愛着障害を克服するということは、1人の人間として自立すること。これは「人に頼らない」という意味ではなく、「必要なときは人に頼ることができ、でも相手に従属するのではなく、対等な人間関係を持つことができる」ということ。

そのためには周りから存在価値を認めてもらうことが必要で、それにより自己有用感と自信を持ち、人とのつながりの中で自分の力を発揮することができる。つまり自立の過程は、周りに受け入れられ認められる過程であり、同時にそうした自分に「これでいいんだ」と納得する過程で、両方がうまく絡み合いながら進んでいく必要がある。

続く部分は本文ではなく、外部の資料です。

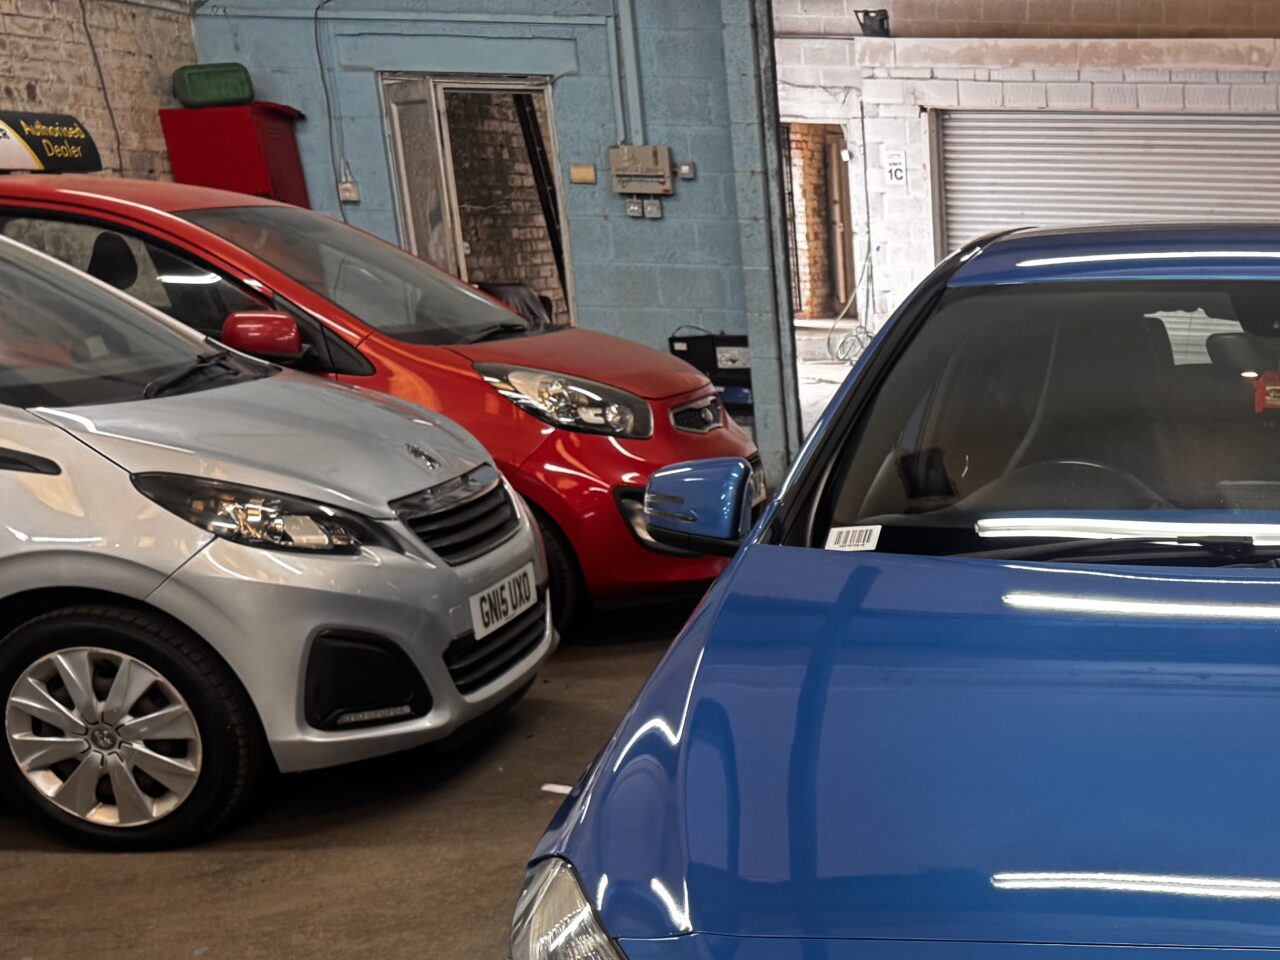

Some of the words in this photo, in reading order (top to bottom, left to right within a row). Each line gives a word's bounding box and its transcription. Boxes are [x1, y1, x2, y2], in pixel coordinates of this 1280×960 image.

愛着障害の人は、最初から他者に受け入れられることがうまくいかず、同時に自分を受け入れることにもつまずいた人。重要な他者に受け入れられるプロセスをやり直して、自分を受け入れられるようになることで、愛着の傷跡から回復し、自分らしいアイデンティティを手に入れ、本当の意味での自立を達成できるようになる。

毒親育ちは、どうしても人間関係が常に「上下関係」になってしまうのだと思う。だから人のことはよく見てて助けるけれど、自分は人に言ってもらったり助けてもらうことができなかったりする。「プライドが許さない」と言って、うつになってしまう人もいる。「人に頼れない」のだ。

親に受け入れられ助けられて育つことが、生きていく上でどれだけ重要かということがわかる。日本では「しつけ」と言って、なんでも我慢させて育てることがよしとされてきた。急速な意識改革が必須だ。